The
regional Pas-de-Calais authority said the suspected assailant,
who also wounded a second teacher and a school security guard in
the attack, was arrested.
The suspect was a Russian-born Chechen and former student of the
Lycee Gambetta high school where the attack happened, a police
source said. He was on a watchlist of people known as a
potential security risk in connection to radical Islamism, the
police source added.
Police could not confirm local media reports that he shouted "Allahu
Akbar". BFM TV reported he was about 20 years old.
"We're all in a state of shock," said philosophy teacher Martin
Doussaut, who was chased down by the attacker but managed to
escape unharmed after locking himself down in a room.
BFM TV also said the person killed was a French language
teacher, while a sports teacher was stabbed and injured.
Pupils were confined to their classrooms, it added.
President Emmanuel Macron was heading to Arras, his office said.
In a televised address to the nation on Thursday, Macron urged
the French to remain united and refrain from bringing the
Israel-Hamas conflict home.
Nothing so far pointed to a link with events in Israel and the
Gaza Strip, a second police source told Reuters.

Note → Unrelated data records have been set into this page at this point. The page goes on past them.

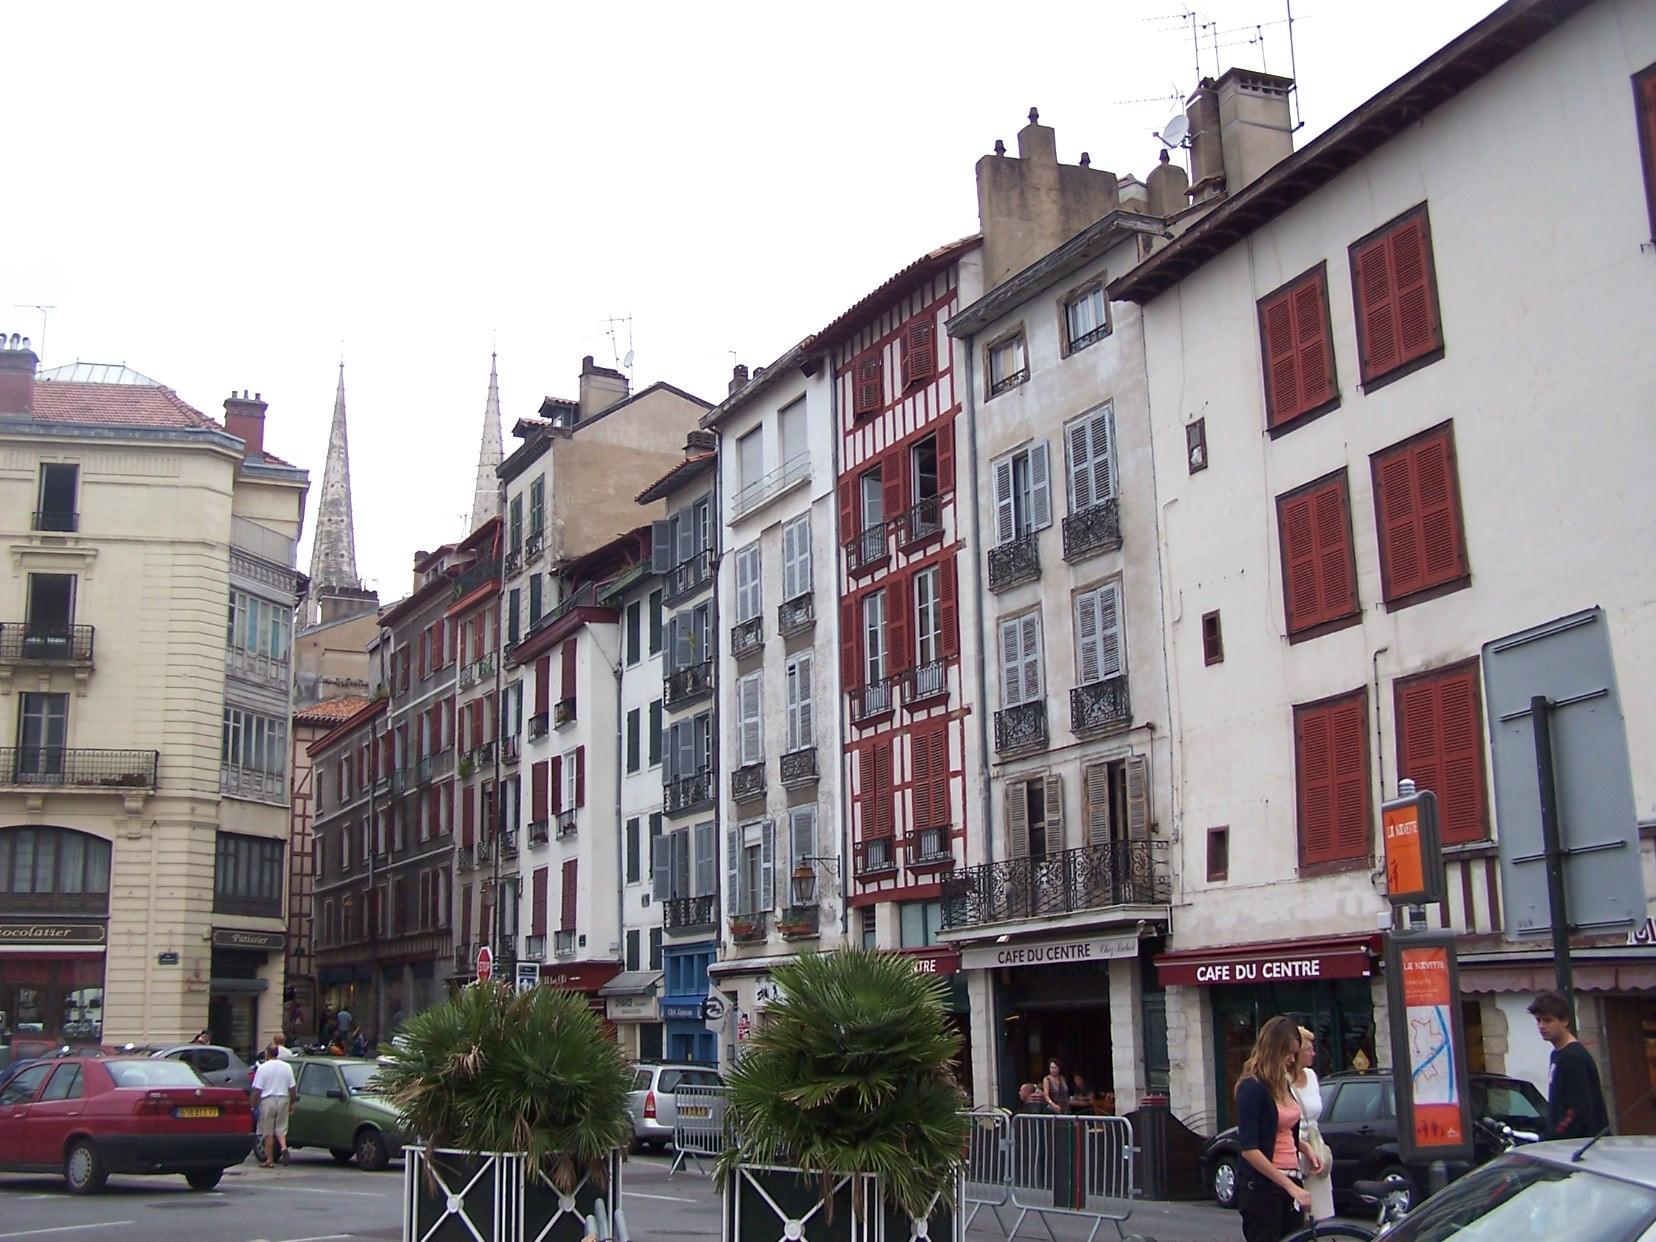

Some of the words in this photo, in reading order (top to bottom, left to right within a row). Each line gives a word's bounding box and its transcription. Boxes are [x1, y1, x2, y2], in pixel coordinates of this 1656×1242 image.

[997, 951, 1024, 964] CAFE
[1027, 948, 1043, 962] DU
[1046, 943, 1091, 960] CENTRE
[479, 961, 491, 972] STOP
[1196, 965, 1230, 981] CAFE
[1235, 963, 1257, 980] DU
[1262, 959, 1320, 978] CENTRE
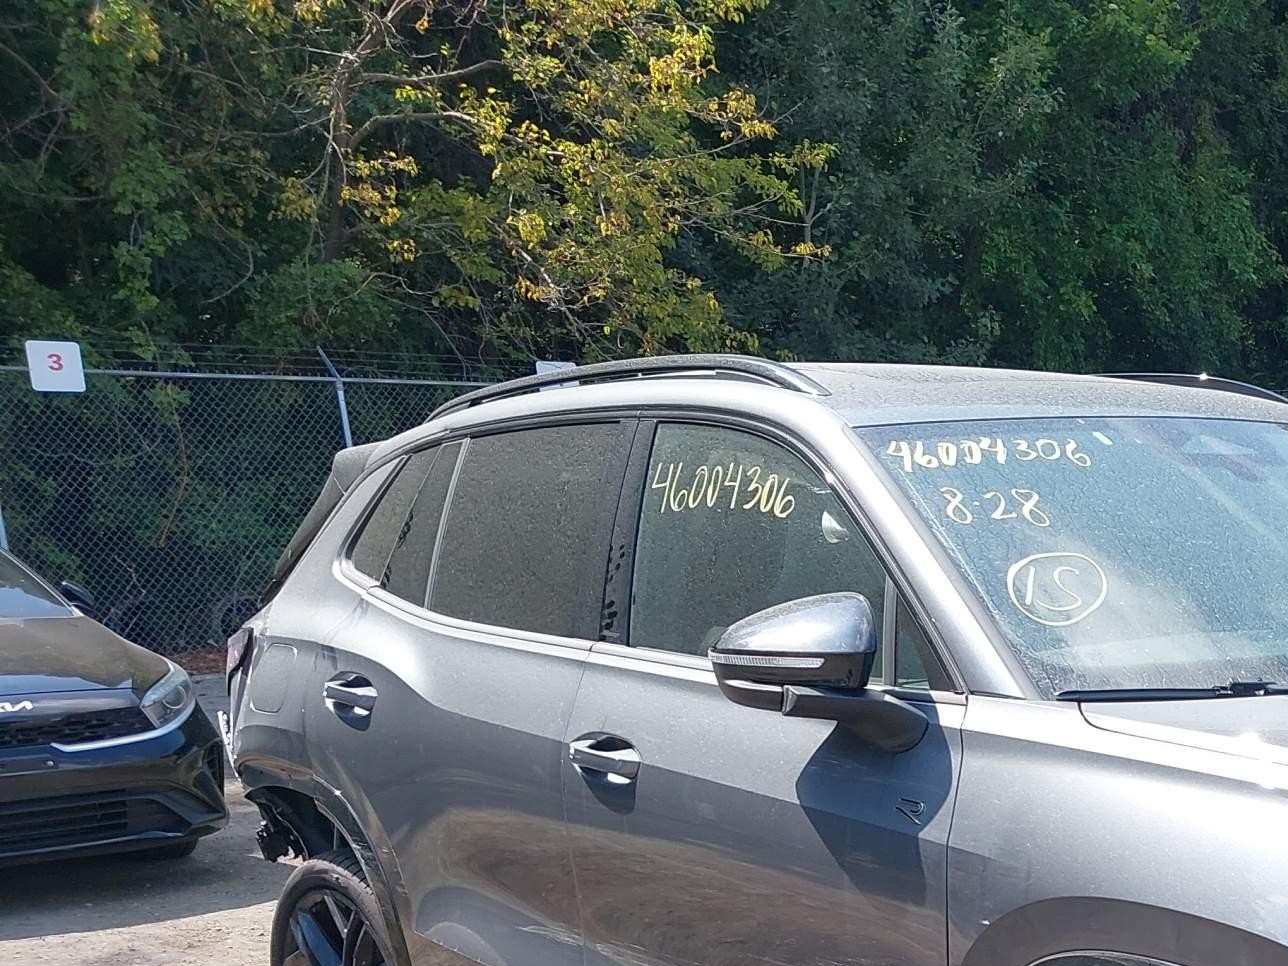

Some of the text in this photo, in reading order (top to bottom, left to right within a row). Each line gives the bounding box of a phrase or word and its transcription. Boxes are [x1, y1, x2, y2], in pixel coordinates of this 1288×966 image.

[47, 353, 64, 371] 3
[886, 434, 1092, 472] 46004306
[652, 462, 796, 518] 46004306
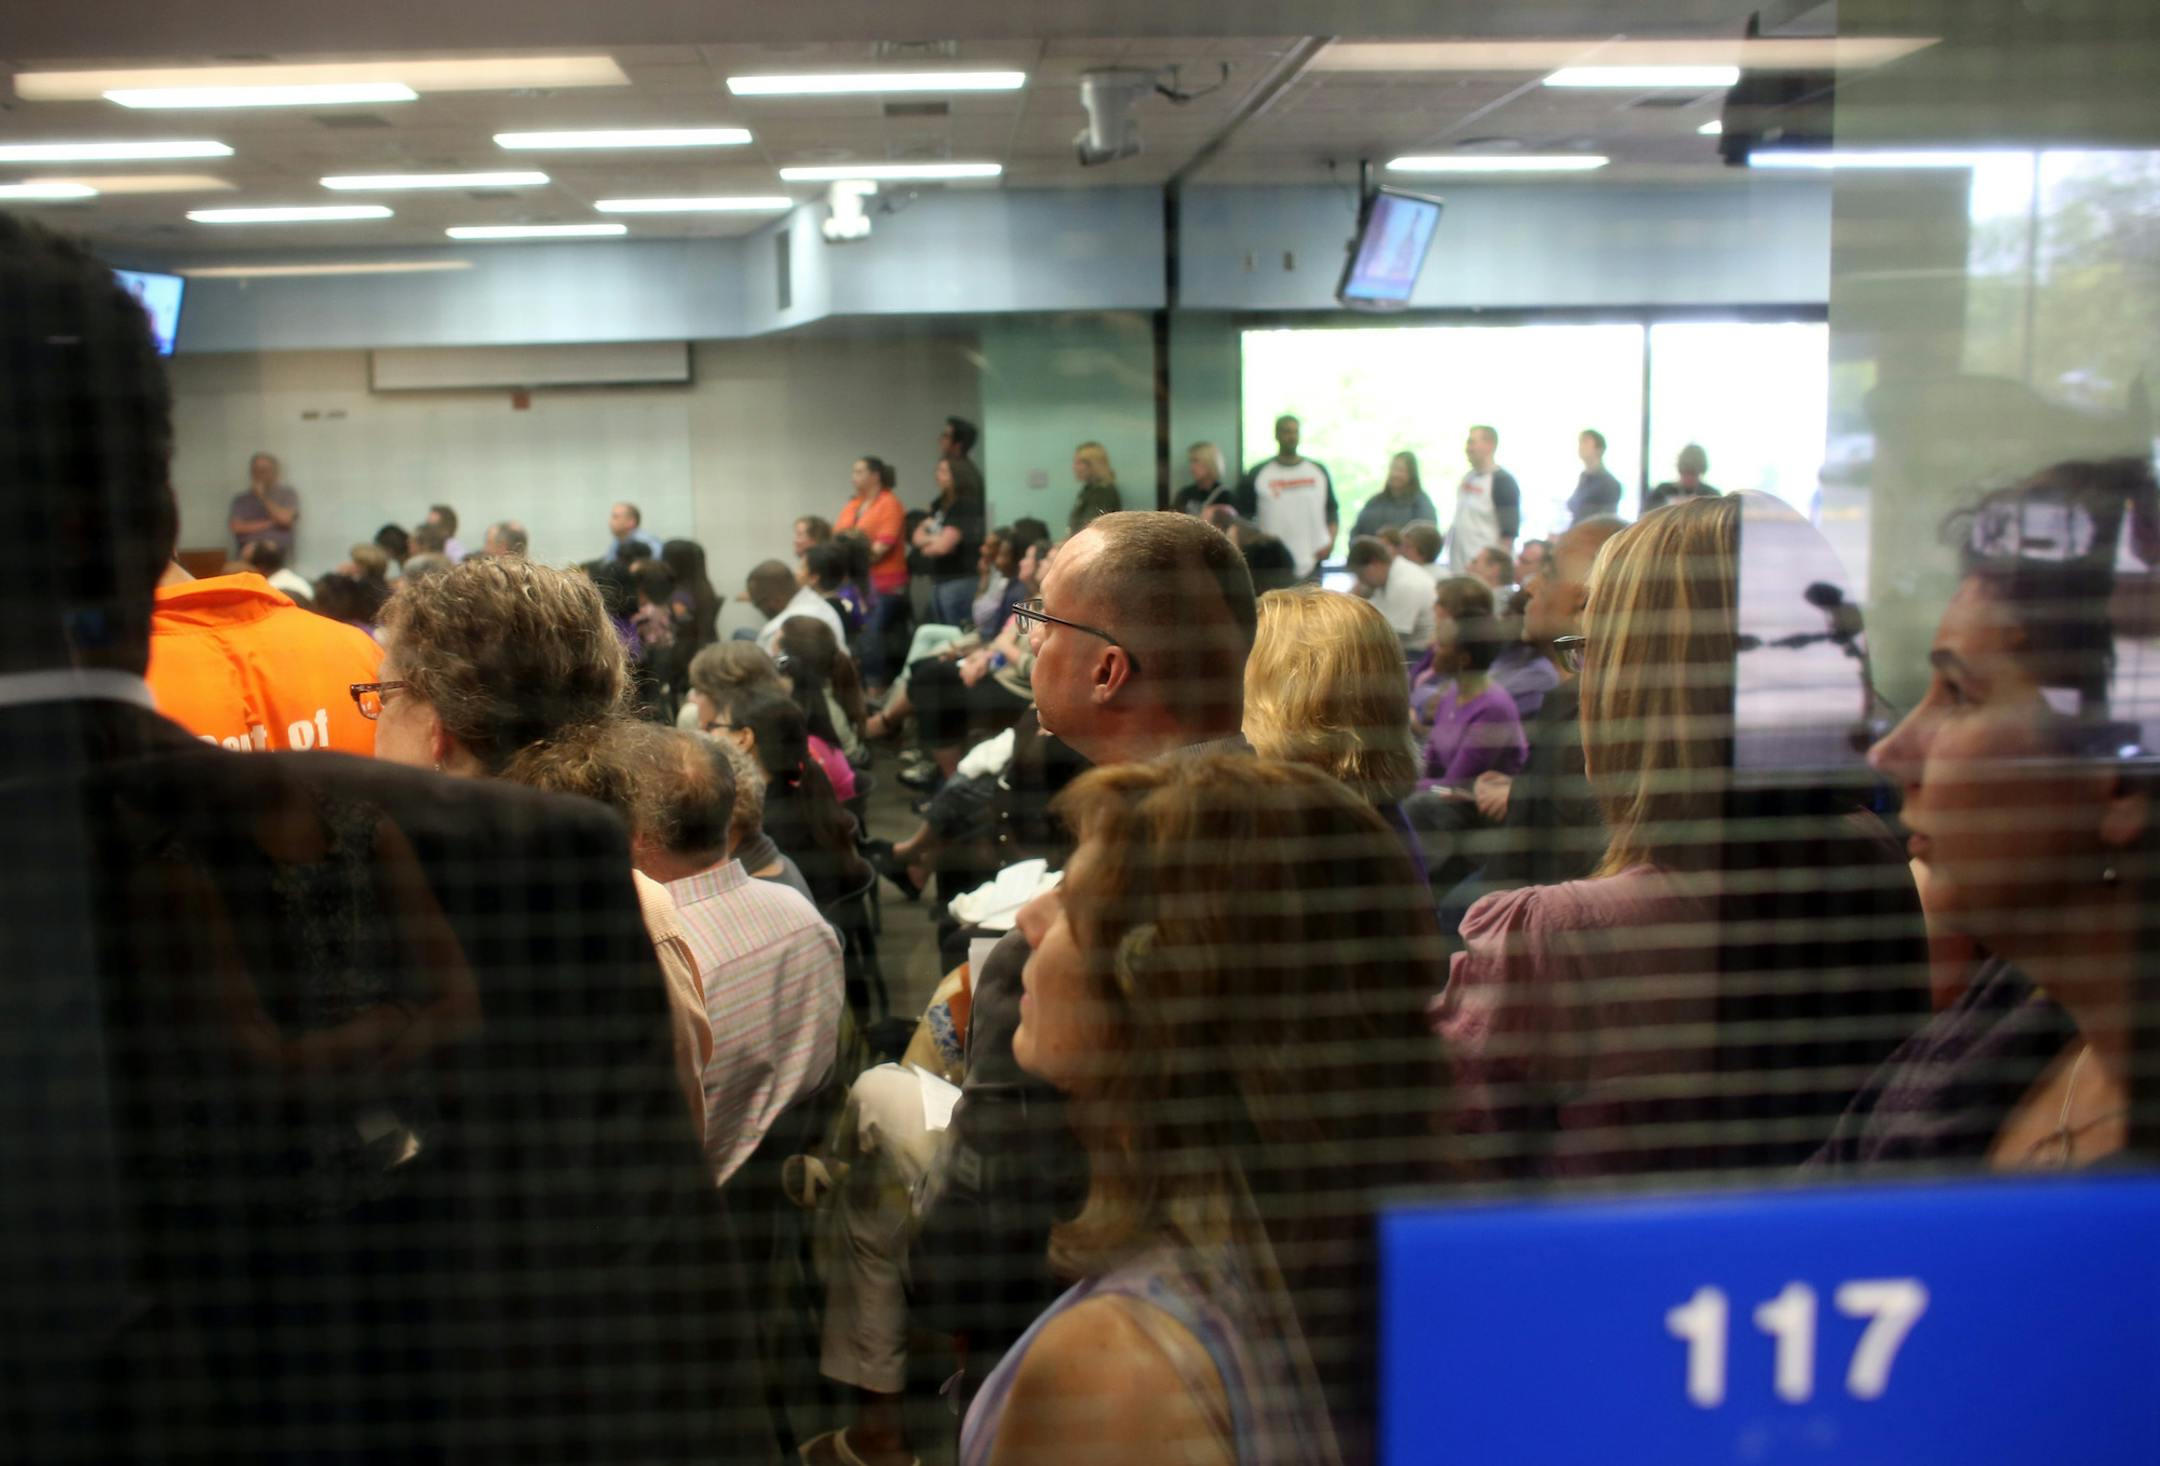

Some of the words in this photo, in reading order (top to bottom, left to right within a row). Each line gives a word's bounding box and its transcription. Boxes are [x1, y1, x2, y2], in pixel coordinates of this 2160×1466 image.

[196, 724, 267, 752] rt
[288, 708, 329, 751] of
[1665, 1278, 1929, 1408] 117

The suspected assailant's brother was also arrested.
La Voix du Nord newspaper said that pupils in all schools in
Arras - a town in the desindustrialised, ethnically diverse
northern corner of France - were being held in their classrooms
for their own safety.
France has been targeted by series of Islamist attacks over the
years, the worst being a simultaneous assault by gunmen and
suicide bombers on entertainment venues and cafes in Paris in
November 2015.
In 2020, a teacher, Samuel Paty, was beheaded by a Chechen
teenager who wanted to avenge his use of cartoons mocking the
Prophet Mohammad during a class on freedom of expression.
(Reporting by Layli Foroudi, Michel Rose, Charlotte Van
Campenhout, Tassilo Hummel, Benoit van Overstraeten; Writing by
Ingrid Melander; editing by Richard Lough and Deborah
Kyvrikosaios)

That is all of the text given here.